This week has been a life-changing week. On Monday, I handed in my last assignments for Uni and, just like that, it was all over. All the hours pouring over journal articles, editing and re-editing, deciding how to sound most clever… at 11am Monday morning it was done. I don’t think any of you will blame me for then preceding to drink a lot of wine and a lot vodka and dancing A LOT.
Now though, I feel like I am in a void and don’t really know what to do with myself. I am super tired, and have decided that this week is an allowed write-off. Sometimes I think you just need to stop. Stop, and be kind to yourself. Lots of things have been going on and I have been struggling to shut out negativity, as well as not succumb to it myself.
Uni was a strange experience for me. My first year was, without doubt, the hardest year of my life so far: I fell into dark places that I didn’t know would happen to me. I am proud of myself for coming out the other side. This week has allowed me to reflect on how my life has changed in such a short space of time, and I truly believe that running and exercise was a huge catalyst to the happiness I found after sinking very low in 2009/2010. When I ran the marathon in 2011, I was still very close to the edge of tipping into an eating disorder, and although running meant I did eat better, I still found it difficult to allow myself to fuel my body properly. I passed out in that marathon, and although it was really hot that day, and I didn’t really hydrate properly during the race, I know that part of the reason I passed out was because I simply didn’t have energy inside me to get me round 26.2 miles. I finished though, and I think that that was the turning point for me. Being a fool around food was not going to make me a better person, or help me achieve anything I really wanted to. I still have my struggles with food, and too often see it solely as fuel , which can make if difficult to be sensible when I’m injured but I think I am beating off the thoughts that I used to have 3 years ago with a strong, badass stick. Looking back, passing out that day was probably the best thing that could’ve happened to me. Funny how things work.

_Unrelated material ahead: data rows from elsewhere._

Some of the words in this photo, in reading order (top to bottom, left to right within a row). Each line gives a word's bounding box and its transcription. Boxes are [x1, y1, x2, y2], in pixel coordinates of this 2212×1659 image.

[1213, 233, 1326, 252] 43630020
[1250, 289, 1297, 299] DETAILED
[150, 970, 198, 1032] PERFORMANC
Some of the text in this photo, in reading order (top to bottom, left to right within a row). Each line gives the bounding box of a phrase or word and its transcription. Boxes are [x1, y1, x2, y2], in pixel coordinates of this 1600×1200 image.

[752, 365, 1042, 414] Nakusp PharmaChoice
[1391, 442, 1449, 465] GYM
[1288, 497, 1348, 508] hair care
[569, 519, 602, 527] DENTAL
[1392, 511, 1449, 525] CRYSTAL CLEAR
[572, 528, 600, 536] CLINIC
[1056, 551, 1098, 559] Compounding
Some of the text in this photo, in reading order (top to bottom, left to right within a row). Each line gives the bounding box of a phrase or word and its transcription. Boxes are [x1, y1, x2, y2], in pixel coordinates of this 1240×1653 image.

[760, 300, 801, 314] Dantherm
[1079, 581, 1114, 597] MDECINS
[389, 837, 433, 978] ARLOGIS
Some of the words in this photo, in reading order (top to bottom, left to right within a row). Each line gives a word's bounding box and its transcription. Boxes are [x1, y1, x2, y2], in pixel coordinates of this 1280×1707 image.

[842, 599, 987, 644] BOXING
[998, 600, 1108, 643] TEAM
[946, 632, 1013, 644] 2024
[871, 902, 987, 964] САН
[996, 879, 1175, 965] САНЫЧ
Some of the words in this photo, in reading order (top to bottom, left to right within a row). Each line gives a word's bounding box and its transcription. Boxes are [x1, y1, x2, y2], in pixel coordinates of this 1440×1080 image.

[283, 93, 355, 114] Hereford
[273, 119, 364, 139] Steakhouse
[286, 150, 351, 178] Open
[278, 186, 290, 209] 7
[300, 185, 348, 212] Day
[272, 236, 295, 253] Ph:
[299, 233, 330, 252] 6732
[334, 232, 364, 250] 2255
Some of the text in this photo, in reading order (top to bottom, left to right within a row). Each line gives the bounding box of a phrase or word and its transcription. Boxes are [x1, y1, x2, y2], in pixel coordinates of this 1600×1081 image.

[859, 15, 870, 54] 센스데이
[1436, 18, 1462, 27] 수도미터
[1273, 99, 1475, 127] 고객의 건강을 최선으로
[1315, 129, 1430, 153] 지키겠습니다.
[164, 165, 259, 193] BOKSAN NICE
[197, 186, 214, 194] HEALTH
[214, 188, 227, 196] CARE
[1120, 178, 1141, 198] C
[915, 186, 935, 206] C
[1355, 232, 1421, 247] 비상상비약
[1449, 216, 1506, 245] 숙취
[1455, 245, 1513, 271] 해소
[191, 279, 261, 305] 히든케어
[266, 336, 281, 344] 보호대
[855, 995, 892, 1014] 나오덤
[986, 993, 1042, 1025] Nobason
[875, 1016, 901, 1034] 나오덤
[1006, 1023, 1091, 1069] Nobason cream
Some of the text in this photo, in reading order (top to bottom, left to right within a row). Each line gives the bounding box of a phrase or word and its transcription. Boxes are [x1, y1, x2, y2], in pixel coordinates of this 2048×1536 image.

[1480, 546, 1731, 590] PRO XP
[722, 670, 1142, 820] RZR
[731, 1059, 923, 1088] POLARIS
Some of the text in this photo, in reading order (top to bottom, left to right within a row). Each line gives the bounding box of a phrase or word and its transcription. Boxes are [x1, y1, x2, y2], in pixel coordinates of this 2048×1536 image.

Going to Write This Run at the weekend really inspired me too. I am now going to do what I want to do – not what other people think I should do, or what would be the safe option. It’s not going to be easy, but I know I can do it. Hey, I can run marathons! I can do anything! Write This Run also made me really want to join a proper running club and meet more people like me: obsessive about the sport that has changed the way that they are and the way they see the world.
I am ready for you, big wide world. Bring it on.